Vigilante runs summer hockey camps with his brothers Bill, 36, and Mike, 30. The latter also serves as the head coach for the Belle Tire 19-and-under girls hockey team.
“We’ve been running the camps for five or six years and we’ve come a long way from our first year,” he said. “We’ve been very successful, especially given the local economy.
“It’s a good thing to give back to hockey players in the area and show them what we know.”
Vigilante gets tired of hearing all of the negative stereotypes of his hometown.
“People throw out that it’s the most dangerous city in the country, but I just try to find a way to give it back to them,” he said.
“I think the city has come a long way. I was down there for a Kenny Chesney concert this summer and there were people all over the place. It just seemed like a fun place to be.
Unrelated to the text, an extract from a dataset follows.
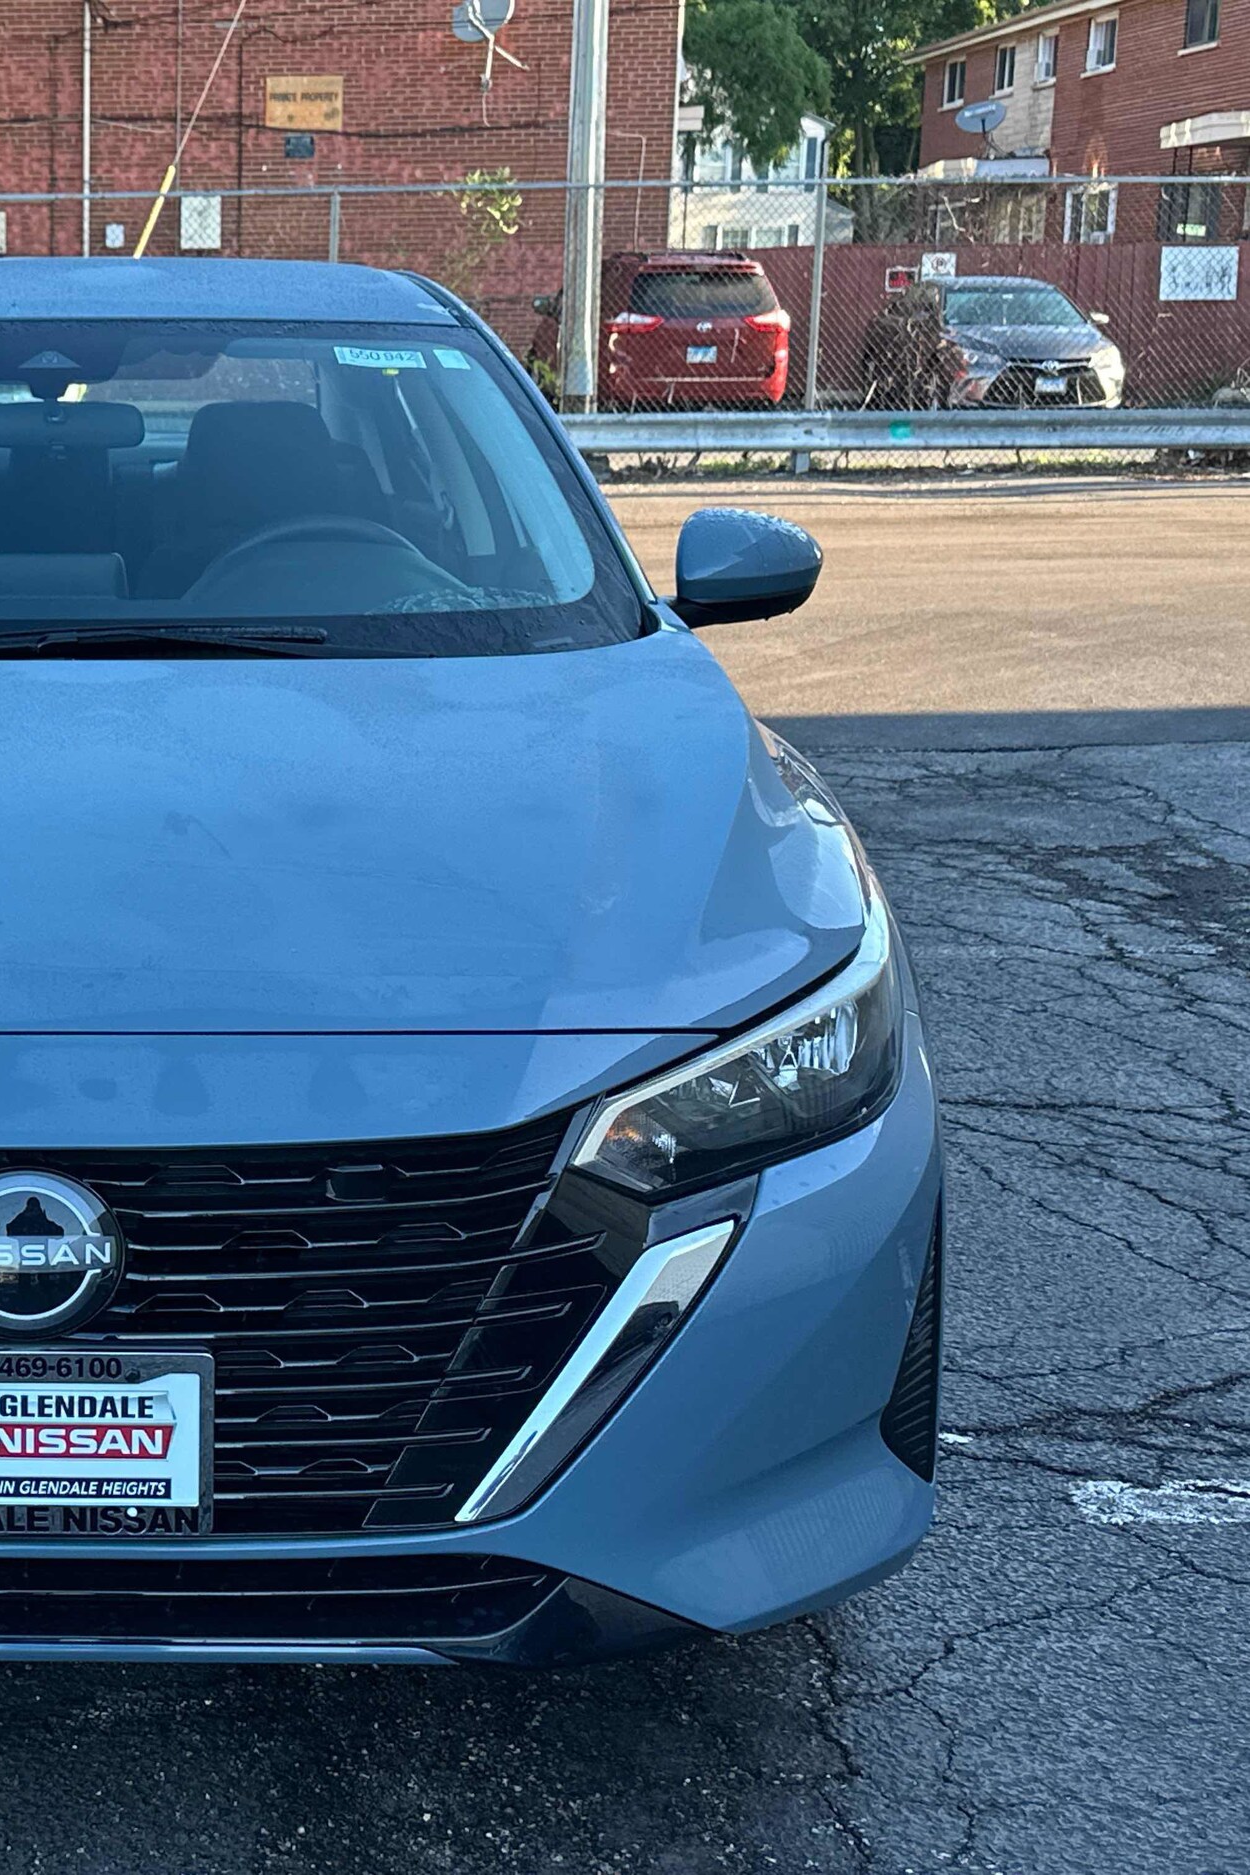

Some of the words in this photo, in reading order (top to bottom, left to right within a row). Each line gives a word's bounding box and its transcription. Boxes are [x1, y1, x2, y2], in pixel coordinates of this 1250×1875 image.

[0, 1394, 153, 1418] GLENDALE
[19, 1480, 99, 1495] GLENDALE
[100, 1481, 166, 1496] HEIGHTS
[62, 1505, 199, 1533] NISSAN
Then again, I probably wouldn’t want to walk down the streets in the middle of the night or anything like that.
“But I think the city is trying to take a turn in the right direction.”
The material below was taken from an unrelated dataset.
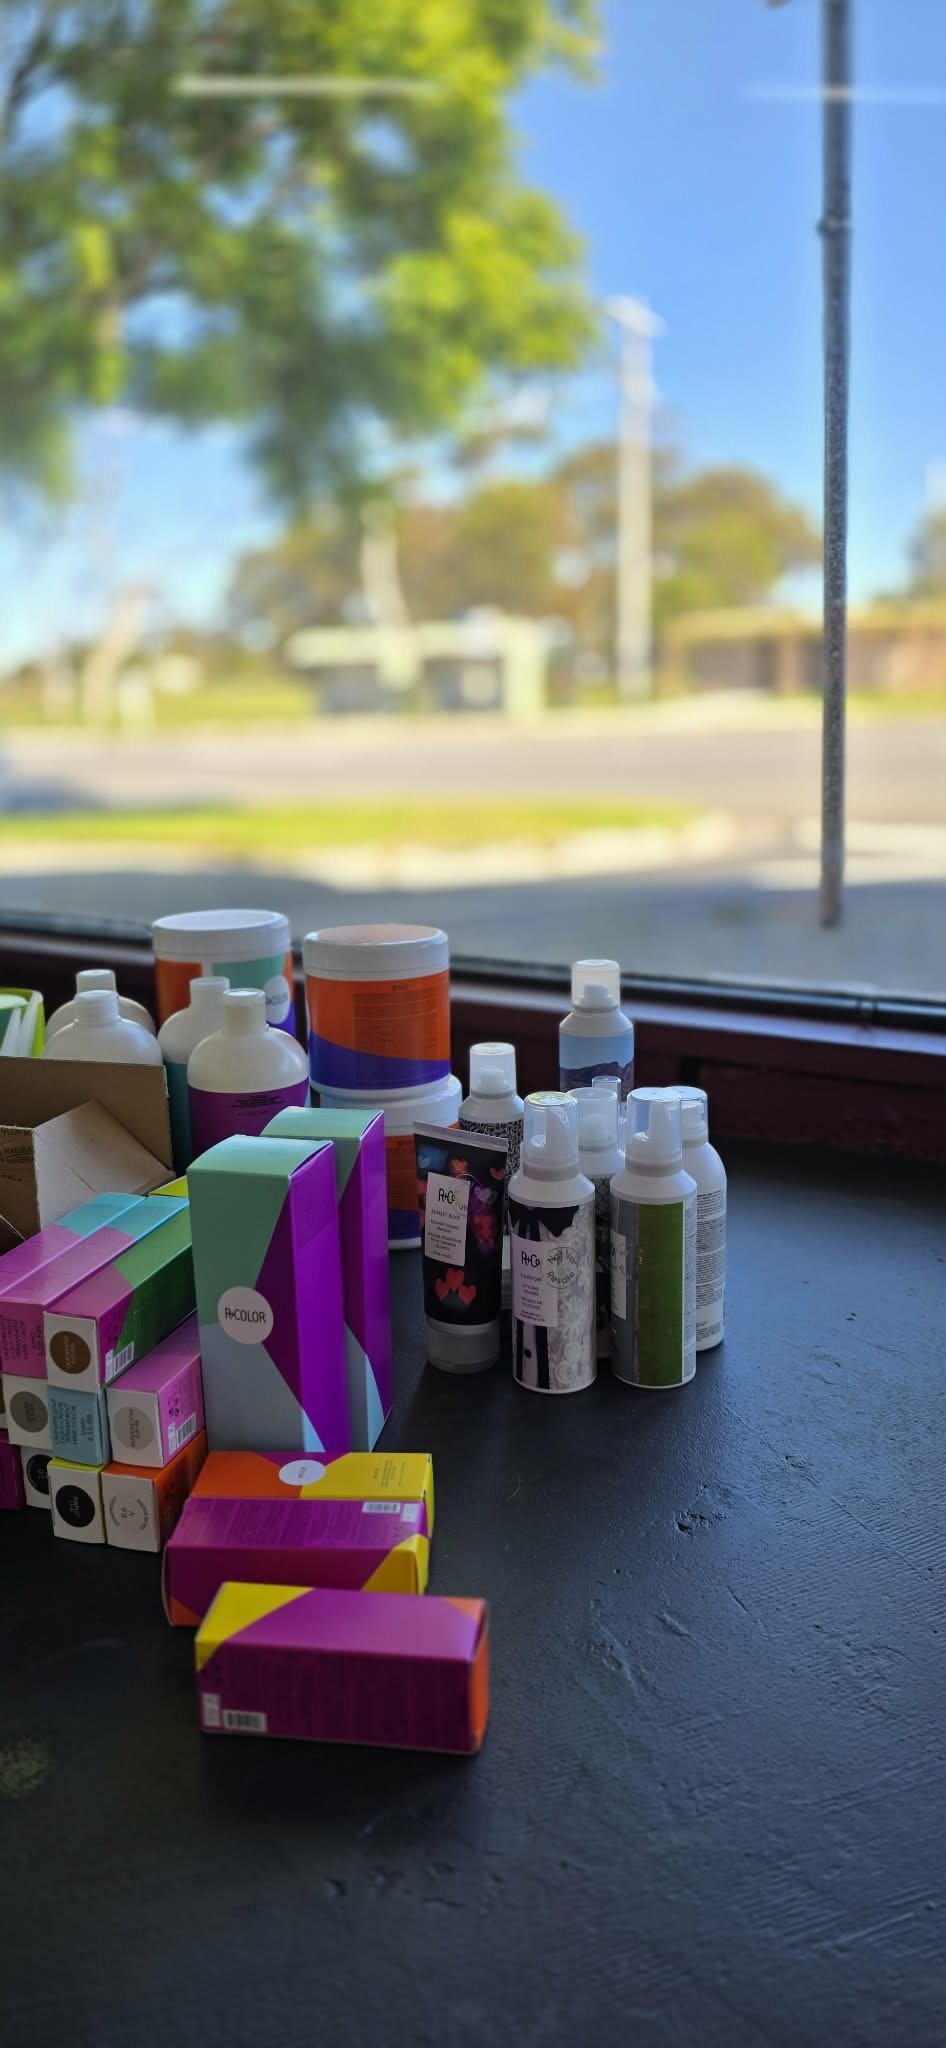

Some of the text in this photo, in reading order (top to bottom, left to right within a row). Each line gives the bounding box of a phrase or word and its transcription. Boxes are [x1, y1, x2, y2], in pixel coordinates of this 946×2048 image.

[438, 1188, 457, 1204] R+Co
[521, 1251, 540, 1268] R+Co
[546, 1271, 576, 1284] Resale
[225, 1307, 266, 1324] R+COLOR
Vigilante went to elementary school, middle school and high school in Dearborn with his wife, Kayla, who is a hairdresser and has a non-identical twin named Kara.
“I went to school with her from kindergarten to high school,” he said. “I never really had classes with her until senior year and that’s when we started dating. We ended up getting married five or six years after that.”
Frankfort, Michigan is Vigilante’s favorite vacation destination.
“My wife’s family actually has a place there and we’ve been going there for a week or so every Fourth of July ever since we started dating,” he said. “It’s a place to get away, go to the beach, enjoy bonfires and those sort of things. It’s just relaxing. You come back recuperated and ready to go again.”
Vigilante got to meet both Lance Armstrong and President George W. Bush when he was a member of the U-17 national team.
“We went to Washington, D.C., as one of our team events and we got to see a presentation where Lance Armstrong gave a bike and a yellow jersey to President Bush. I got to shake hands with both of them. It’s a moment you won’t forget.”